**INFORMATION SHOWN**
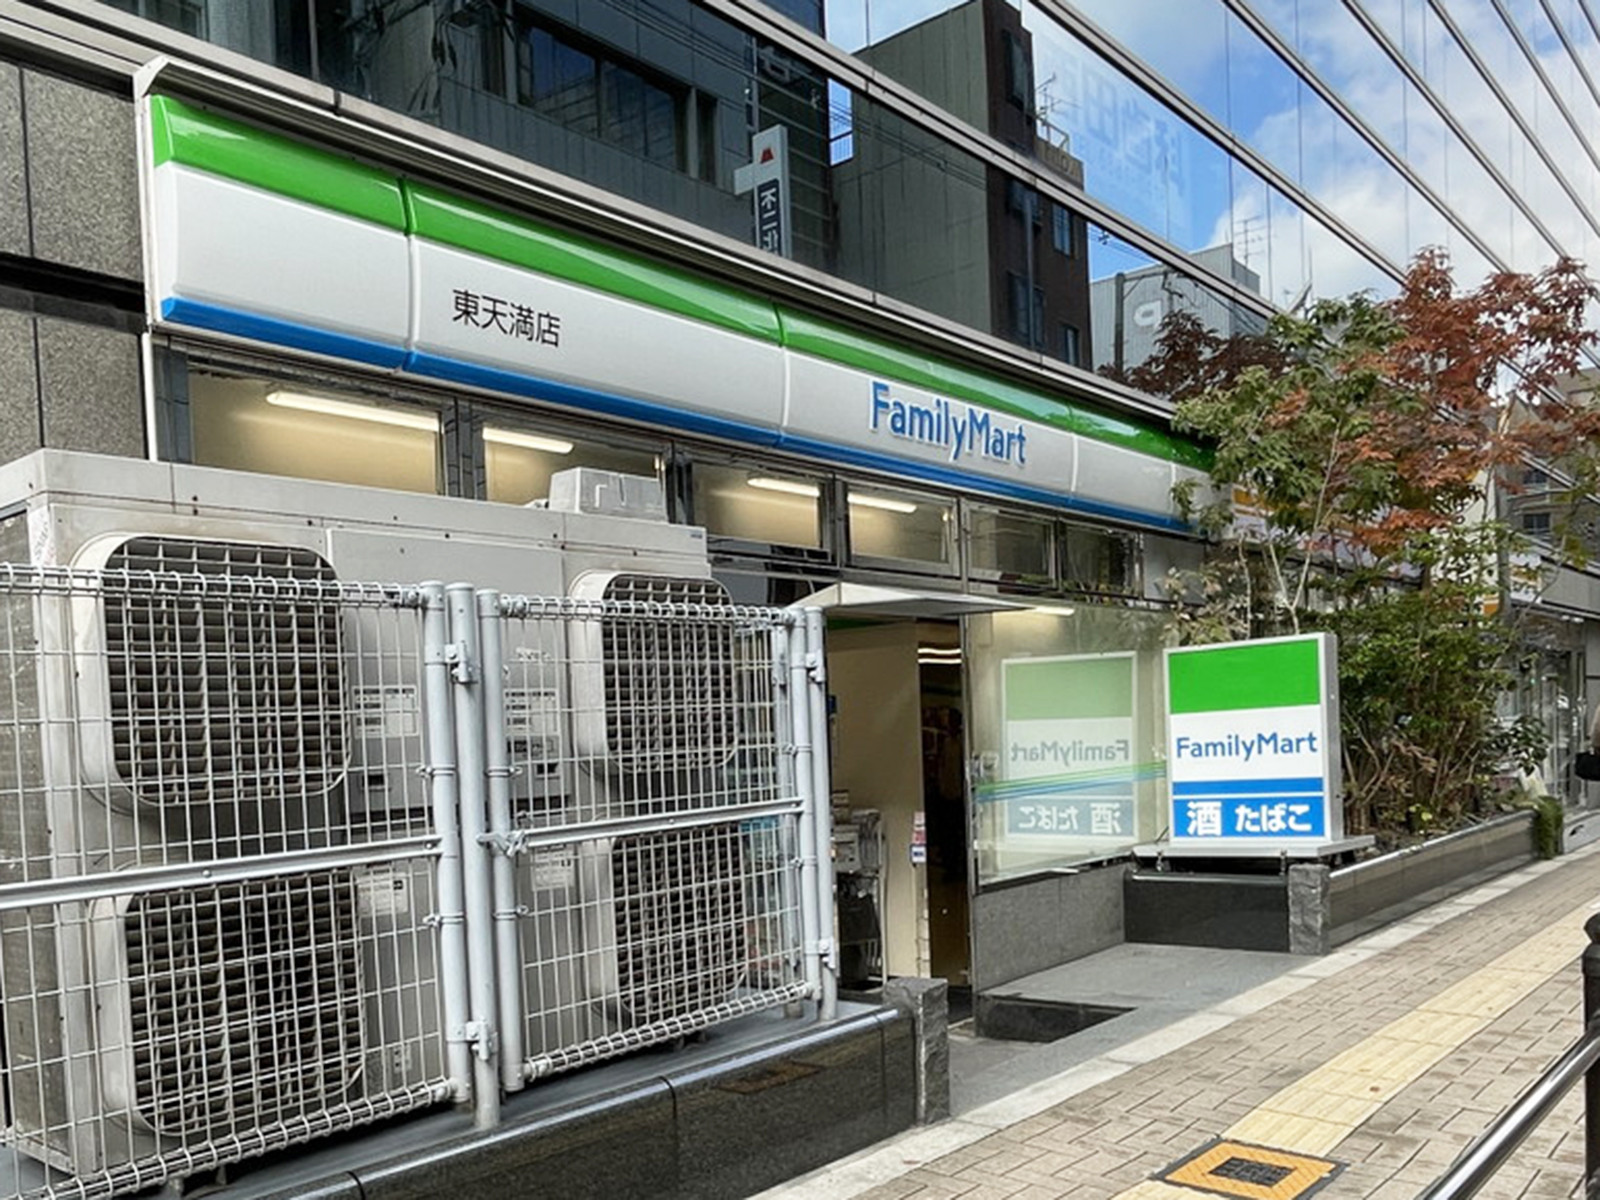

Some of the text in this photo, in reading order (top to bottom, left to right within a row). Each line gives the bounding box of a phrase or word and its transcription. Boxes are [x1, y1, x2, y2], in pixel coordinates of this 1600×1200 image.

[452, 288, 561, 348] 東天満店
[869, 381, 1026, 467] FamilyMart
[1176, 732, 1318, 762] FamilyMart
[1187, 801, 1312, 836] 酒 たばこ

**YOUR ASSIGNMENT**
All of the data must be given again exactly, without the pictures.

**YOUR SOLUTION**
Some of the text in this photo, in reading order (top to bottom, left to right within a row). Each line gives the bounding box of a phrase or word and its transcription. Boxes are [x1, y1, x2, y2], in pixel coordinates of this 1600×1200 image.

[452, 288, 561, 348] 東天満店
[869, 381, 1026, 467] FamilyMart
[1176, 732, 1318, 762] FamilyMart
[1187, 801, 1312, 836] 酒 たばこ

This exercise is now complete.